● Data for review
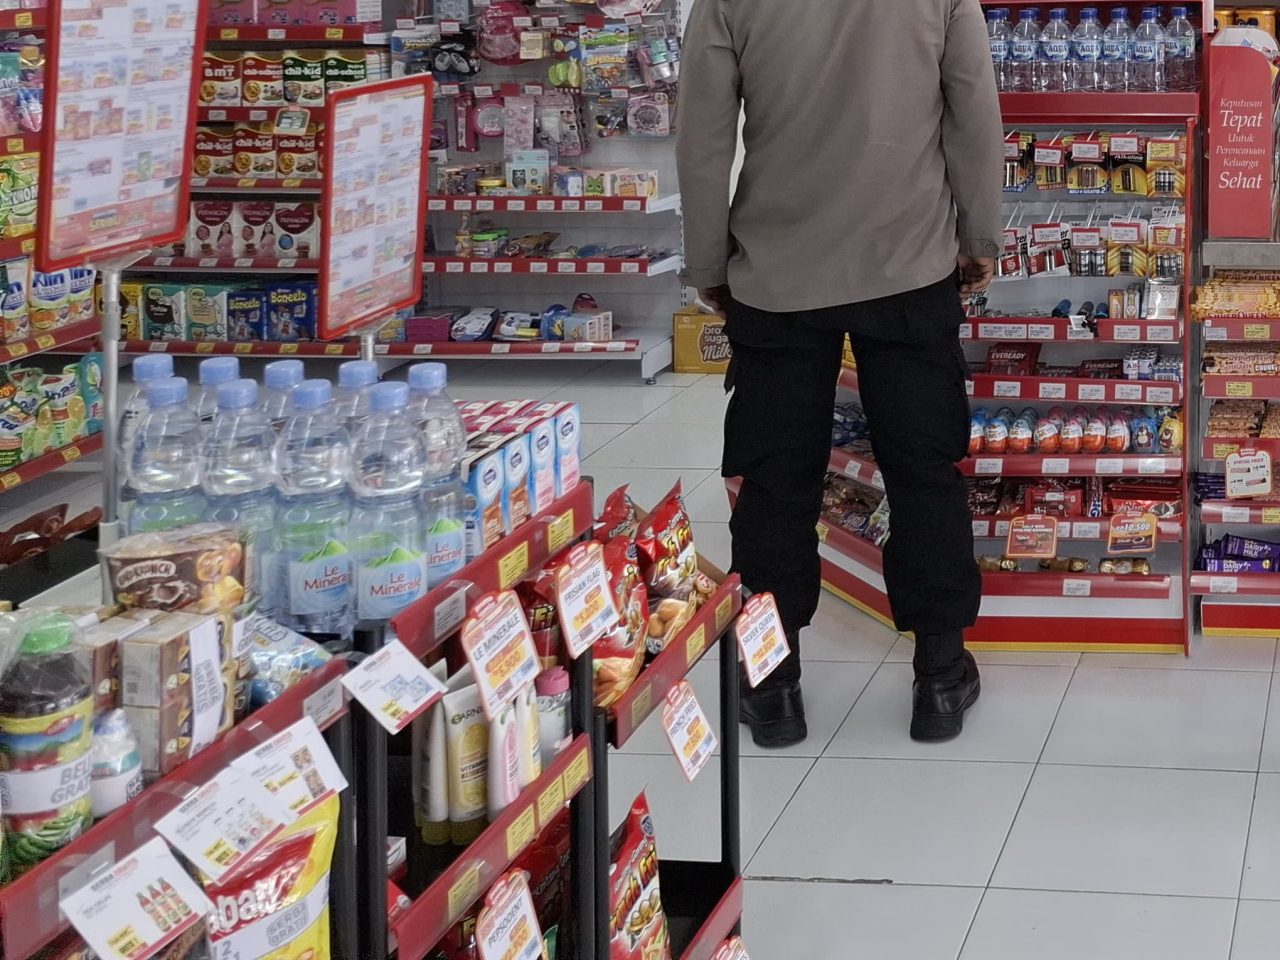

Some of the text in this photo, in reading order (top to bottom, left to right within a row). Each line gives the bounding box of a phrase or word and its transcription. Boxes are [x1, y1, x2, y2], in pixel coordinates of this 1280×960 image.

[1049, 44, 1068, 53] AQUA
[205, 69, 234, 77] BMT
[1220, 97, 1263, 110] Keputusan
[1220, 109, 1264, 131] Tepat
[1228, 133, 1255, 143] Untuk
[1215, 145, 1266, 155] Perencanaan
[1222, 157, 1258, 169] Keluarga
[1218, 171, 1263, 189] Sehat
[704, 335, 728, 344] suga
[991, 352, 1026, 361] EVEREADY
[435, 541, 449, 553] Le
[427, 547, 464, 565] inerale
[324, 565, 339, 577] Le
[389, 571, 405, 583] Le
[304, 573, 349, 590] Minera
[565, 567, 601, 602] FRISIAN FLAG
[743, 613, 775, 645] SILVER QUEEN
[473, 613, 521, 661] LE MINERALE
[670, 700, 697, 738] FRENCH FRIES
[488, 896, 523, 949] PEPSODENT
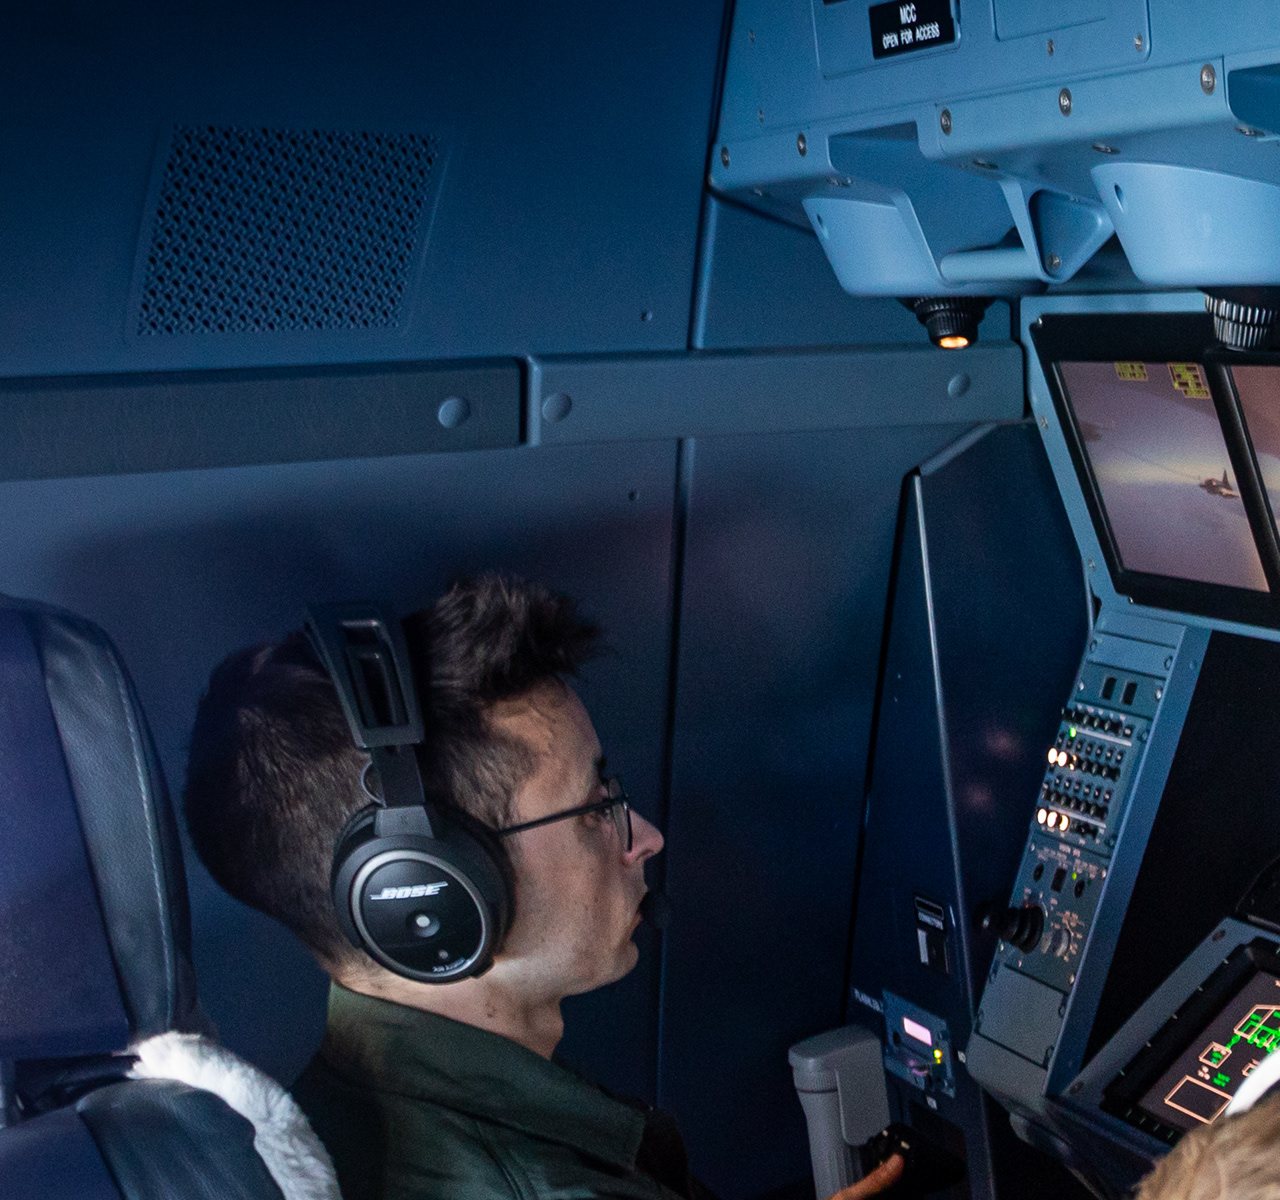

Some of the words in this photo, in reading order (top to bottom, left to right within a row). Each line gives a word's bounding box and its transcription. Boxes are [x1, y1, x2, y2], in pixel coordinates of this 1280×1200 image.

---

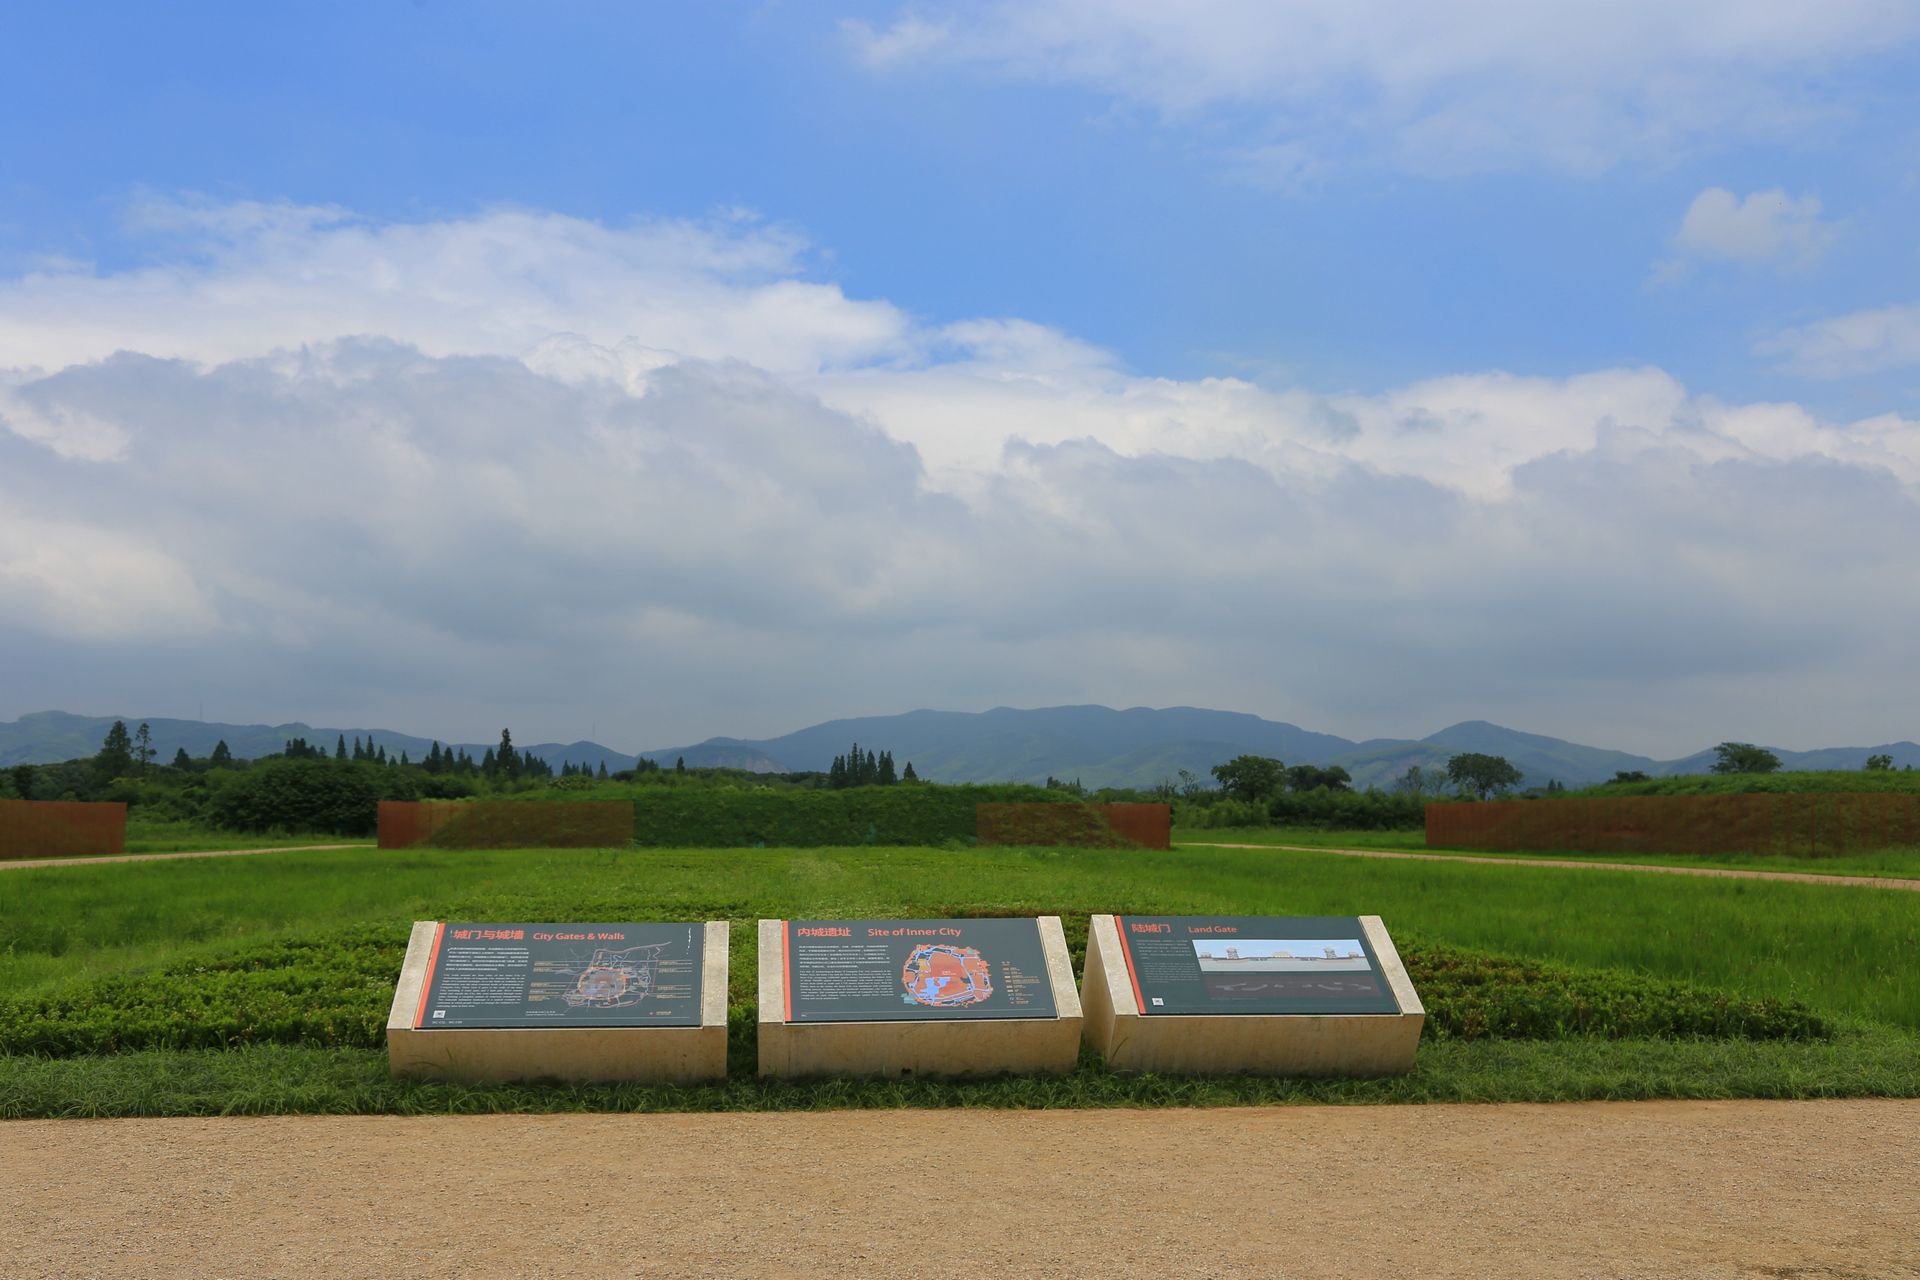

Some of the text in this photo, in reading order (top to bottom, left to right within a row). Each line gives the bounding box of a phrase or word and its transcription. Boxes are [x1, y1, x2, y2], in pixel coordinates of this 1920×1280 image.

● Assignment
Would you give again, exactly, the lines in the data above that run from the line containing "this 1280×960 image." to the line containing "Some of the words"? Include both ends and no pictures.

● Task answer
Some of the text in this photo, in reading order (top to bottom, left to right within a row). Each line gives the bounding box of a phrase or word and its transcription. Boxes are [x1, y1, x2, y2], in pixel coordinates of this 1280×960 image.

[1049, 44, 1068, 53] AQUA
[205, 69, 234, 77] BMT
[1220, 97, 1263, 110] Keputusan
[1220, 109, 1264, 131] Tepat
[1228, 133, 1255, 143] Untuk
[1215, 145, 1266, 155] Perencanaan
[1222, 157, 1258, 169] Keluarga
[1218, 171, 1263, 189] Sehat
[704, 335, 728, 344] suga
[991, 352, 1026, 361] EVEREADY
[435, 541, 449, 553] Le
[427, 547, 464, 565] inerale
[324, 565, 339, 577] Le
[389, 571, 405, 583] Le
[304, 573, 349, 590] Minera
[565, 567, 601, 602] FRISIAN FLAG
[743, 613, 775, 645] SILVER QUEEN
[473, 613, 521, 661] LE MINERALE
[670, 700, 697, 738] FRENCH FRIES
[488, 896, 523, 949] PEPSODENT

Some of the words in this photo, in reading order (top to bottom, left to right within a row). Each line gives a word's bounding box and its transcription. Boxes are [x1, y1, x2, y2], in pixel coordinates of this 1280×1200 image.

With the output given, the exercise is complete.